Required action:
If a record contains a picture, leave the picture out and reproduce everything else exactly.

*** Source material

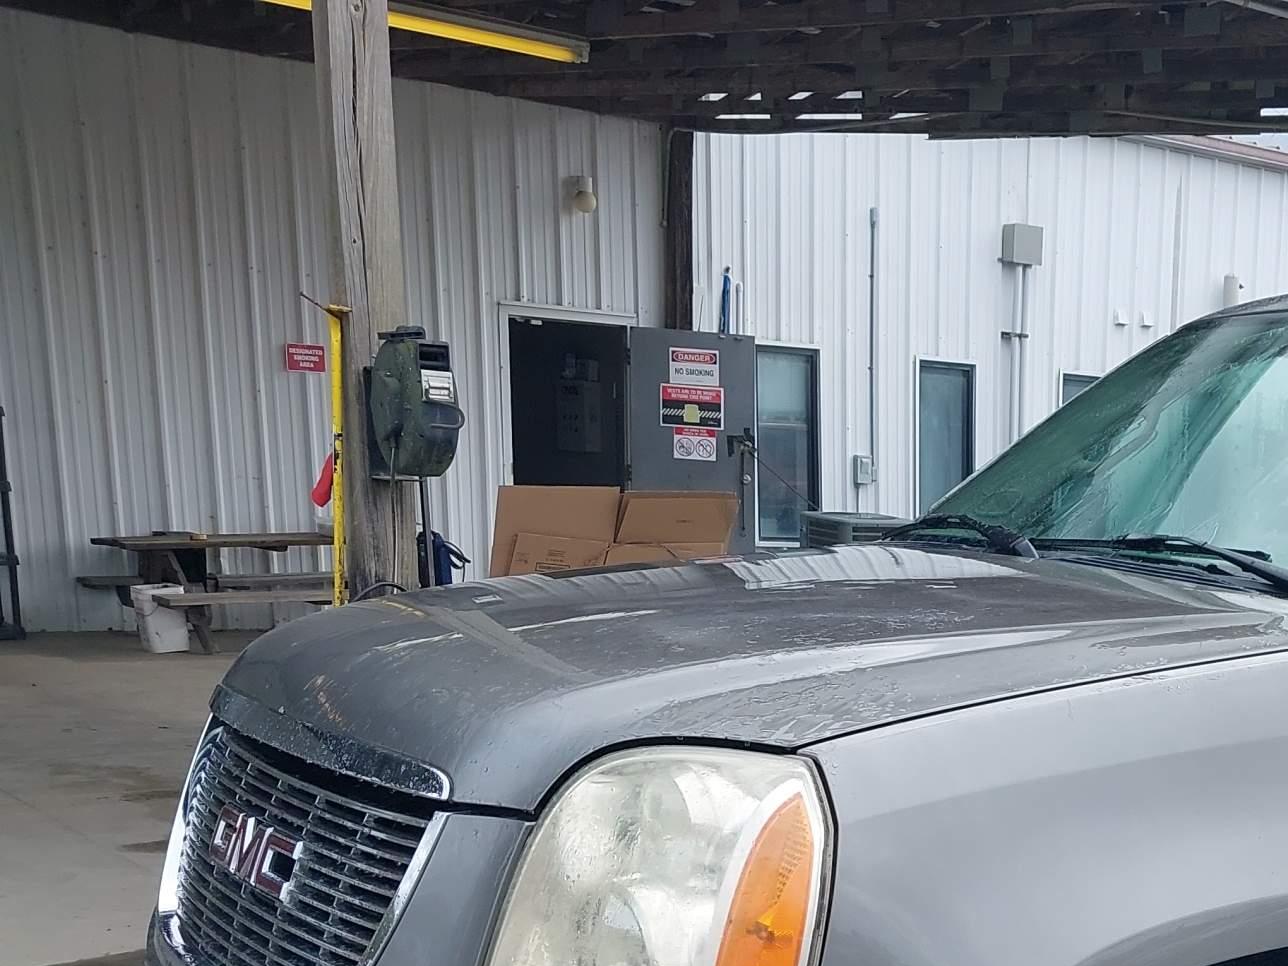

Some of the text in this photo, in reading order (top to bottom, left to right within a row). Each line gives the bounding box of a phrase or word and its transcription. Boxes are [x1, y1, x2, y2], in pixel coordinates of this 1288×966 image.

[678, 353, 711, 362] DANGER
[685, 368, 714, 377] SMOKING
[209, 802, 304, 903] GMC
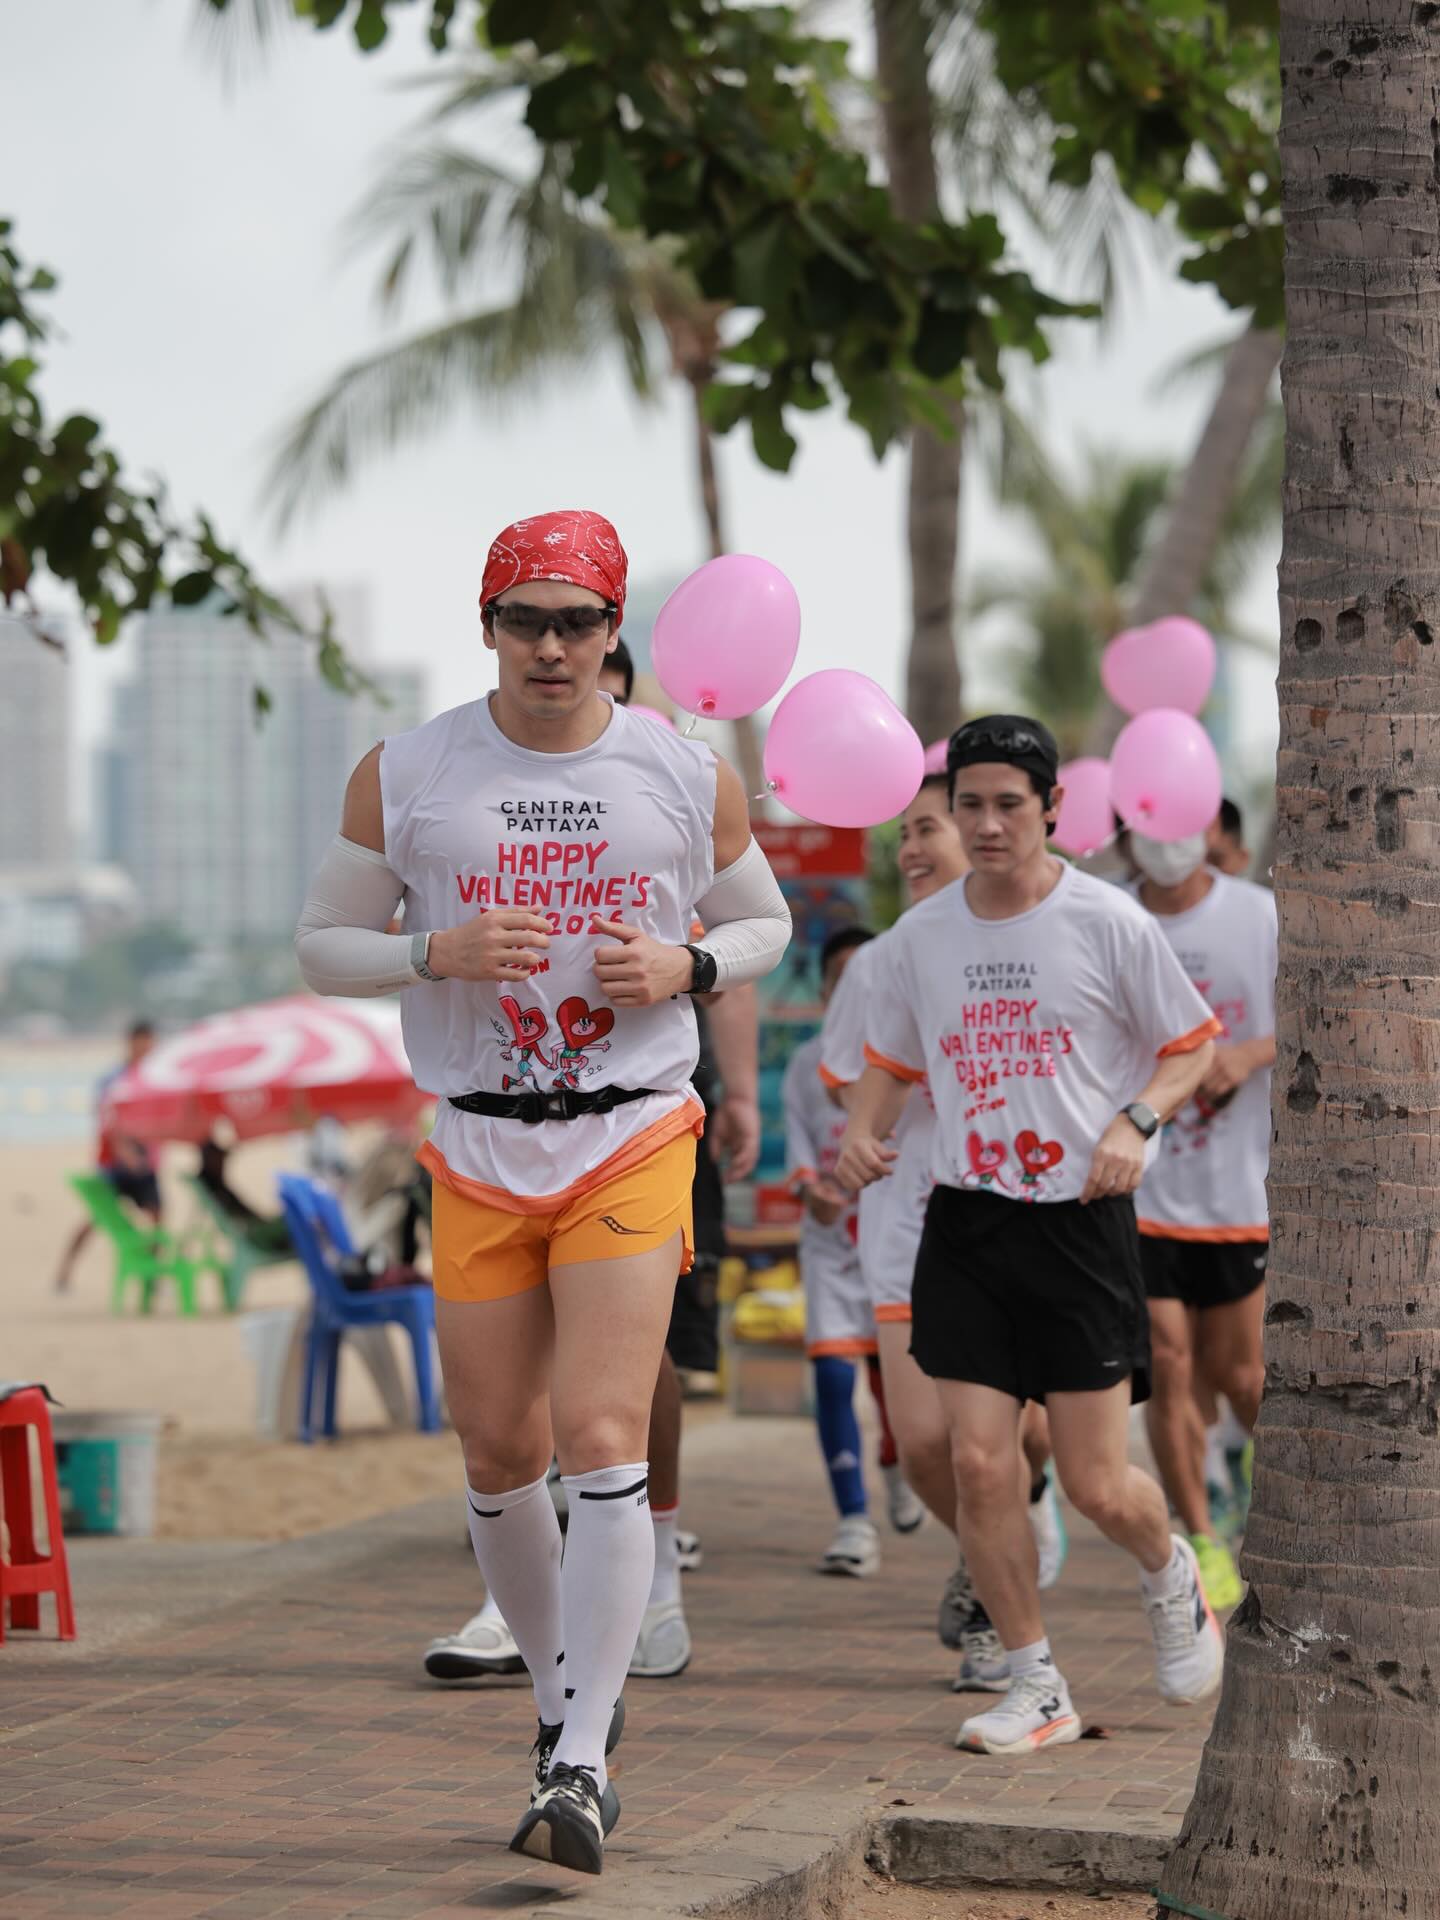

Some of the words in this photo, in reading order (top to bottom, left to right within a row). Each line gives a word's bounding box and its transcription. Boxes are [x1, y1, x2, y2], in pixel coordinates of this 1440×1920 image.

[500, 800, 607, 815] CENTRAL
[507, 818, 600, 832] PATTAYA
[498, 840, 609, 876] HAPPY
[456, 872, 651, 908] VALENTINE'S
[963, 963, 1038, 978] CENTRAL
[967, 978, 1032, 992] PATTAYA
[962, 998, 1038, 1028] HAPPY
[939, 1025, 1073, 1057] VALENTINE'S
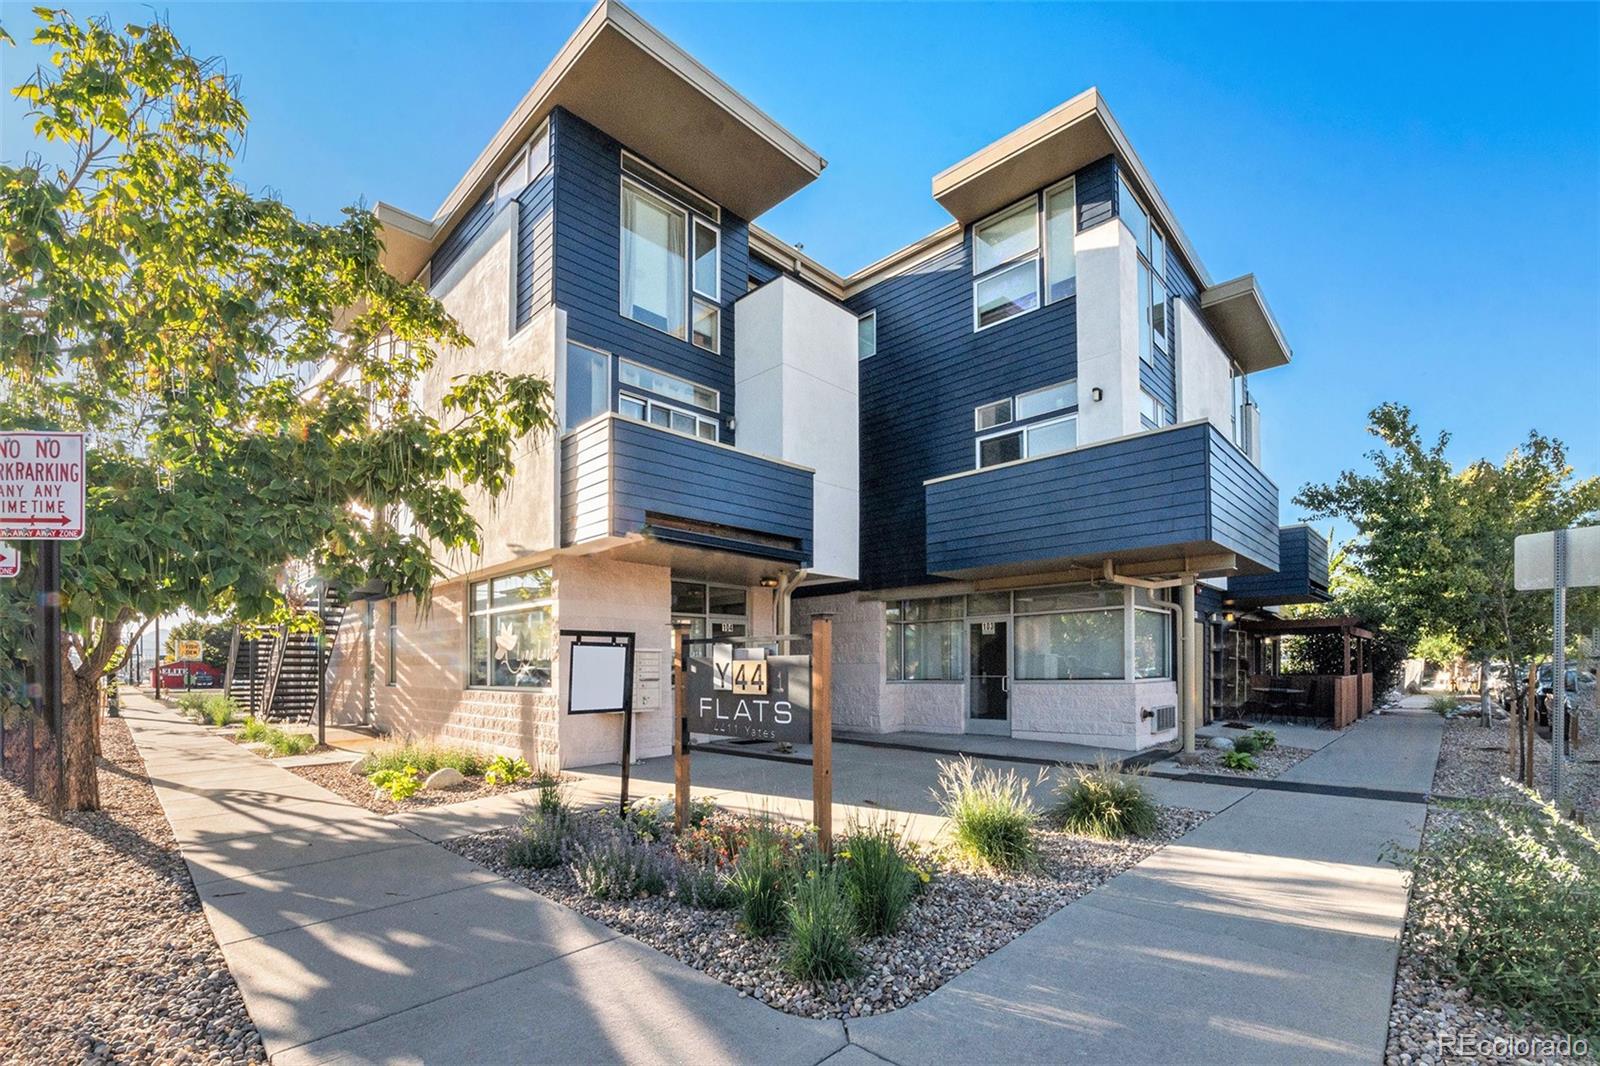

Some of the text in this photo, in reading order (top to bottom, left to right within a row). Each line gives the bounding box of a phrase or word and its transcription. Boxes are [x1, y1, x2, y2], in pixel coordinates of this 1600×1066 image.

******

Exercise answer:
Some of the text in this photo, in reading order (top to bottom, left to right within a row). Each line gives the bounding box of a phrase or word and its transcription. Boxes are [x1, y1, x2, y2], in pixel coordinates of this 1288×966 image.

[678, 353, 711, 362] DANGER
[685, 368, 714, 377] SMOKING
[209, 802, 304, 903] GMC

Some of the words in this photo, in reading order (top to bottom, left to right within a row). Each line gives a word's bounding box and its transcription. Boxes are [x1, y1, x2, y2], in pixel coordinates of this 1440×1920 image.

[500, 800, 607, 815] CENTRAL
[507, 818, 600, 832] PATTAYA
[498, 840, 609, 876] HAPPY
[456, 872, 651, 908] VALENTINE'S
[963, 963, 1038, 978] CENTRAL
[967, 978, 1032, 992] PATTAYA
[962, 998, 1038, 1028] HAPPY
[939, 1025, 1073, 1057] VALENTINE'S

Some of the text in this photo, in reading order (top to bottom, left to right within a row). Each line gives the bounding box of a phrase or word and its transcription. Boxes are [x1, y1, x2, y2], in pixel coordinates of this 1600×1066 image.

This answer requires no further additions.